I have therefore, in an effort to clarify and explain the matter to new readers, taken a post I wrote in January and revised and extended it. It also has Roy Race and Melchester Rovers in it.

I should declare that neither the famous footballing hero, Mr Race, nor his world-famous club, are accused of wrongdoing by me. They merely provide a hypothetical example. In addition, I refer to a Mr Waxendale-Balker. He should not be taken as having any connection to a tax expert called Mr Baxendale-Walker.

Now, on with the explanation.


Who would have thought that the initials EBT would become so common in football discussions? The Employee Benefit Trust was a mechanism used by some businesses to pay their employees and contractors in a “tax efficient” way.

Put very simply (as this is a very complex area) the employer set up or contributed to a separate, arms-length, Trust. Often these Trusts would create separate “Sub-trusts” from which payments were made.
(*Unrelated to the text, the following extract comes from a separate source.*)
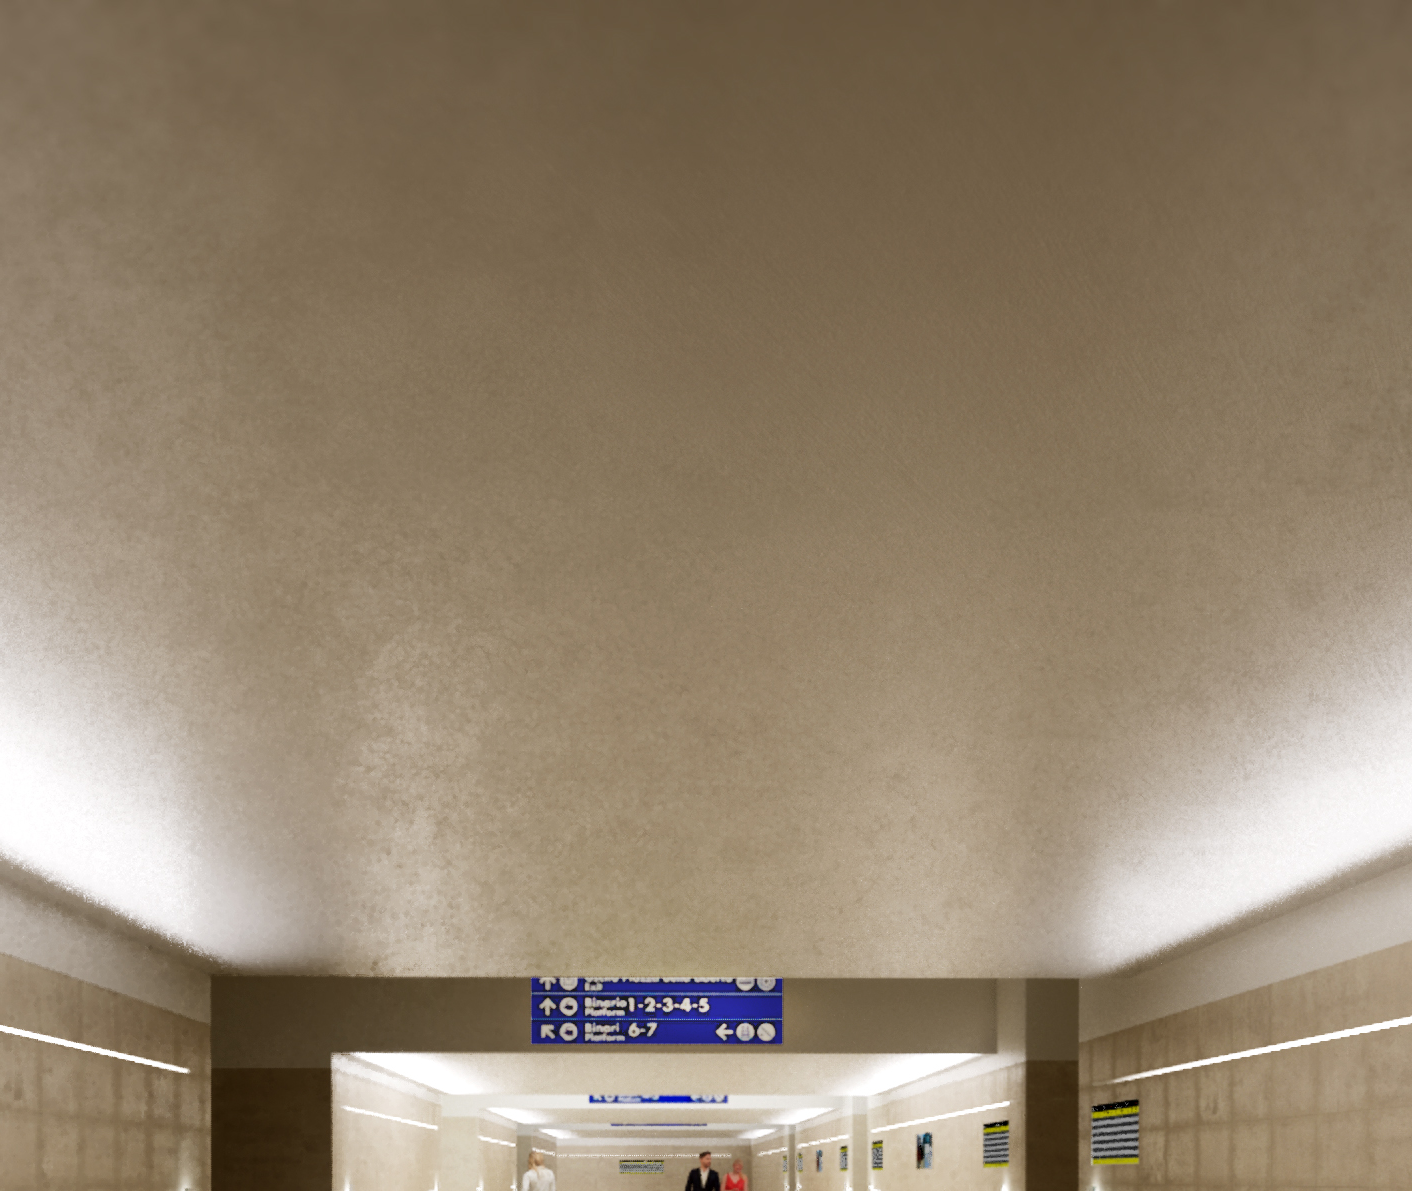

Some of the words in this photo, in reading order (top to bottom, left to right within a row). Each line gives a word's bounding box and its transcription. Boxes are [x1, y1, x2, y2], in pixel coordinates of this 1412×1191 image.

[584, 996, 628, 1008] Binario
[628, 997, 710, 1012] 1-2-3-4-5
[584, 1022, 620, 1033] Binari
[628, 1022, 658, 1037] 6-7
Legitimate use of an EBT allows employees to approach the Trustees for a loan or similar payment. As long as this payment could not be identified as a contractual right, (ie what HMRC refers to as “disguised remuneration”) then the recipient did not need to pay Income Tax and National Insurance on it. In addition, the employer did not need to pay the Employers’ National Insurance contribution either.
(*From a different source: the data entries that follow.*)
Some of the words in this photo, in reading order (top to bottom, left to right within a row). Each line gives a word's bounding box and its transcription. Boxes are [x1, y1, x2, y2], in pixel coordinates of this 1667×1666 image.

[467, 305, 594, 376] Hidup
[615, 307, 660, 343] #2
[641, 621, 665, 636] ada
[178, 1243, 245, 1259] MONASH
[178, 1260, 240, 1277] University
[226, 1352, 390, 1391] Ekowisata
To make a scheme legitimate therefore, the following were advisable, if not essential.

1                    There would need to be no evidence of the employee having an entitlement to anything from the EBT.

2                    It would be prudent if, every so often, the Trustees were to reject an employee’s application for funds.

The “loans” to the beneficiaries of the trust would be non-repayable or repayable on such lengthy terms that they were in fact never to be repaid. The jargon term used was “lend and forget”.

In the late 1990’s there was a surge in the use of these EBT’s. Many were marketed by a company owned by Paul Baxendale-Walker. Mr Baxendale-Walker is a former solicitor who, earlier this year bought “Loaded” magazine.

He has, according to the Guardian – “a variety of business interests including a tax consultancy and a soon-to-launch gluten- and lactose-free restaurant called The Treehouse, complete with an “electronic crèche” for children. Companies House records also show that he funds movie, TV and music ventures, including financing Peter, a film about the Yorkshire Ripper, Peter Sutcliffe.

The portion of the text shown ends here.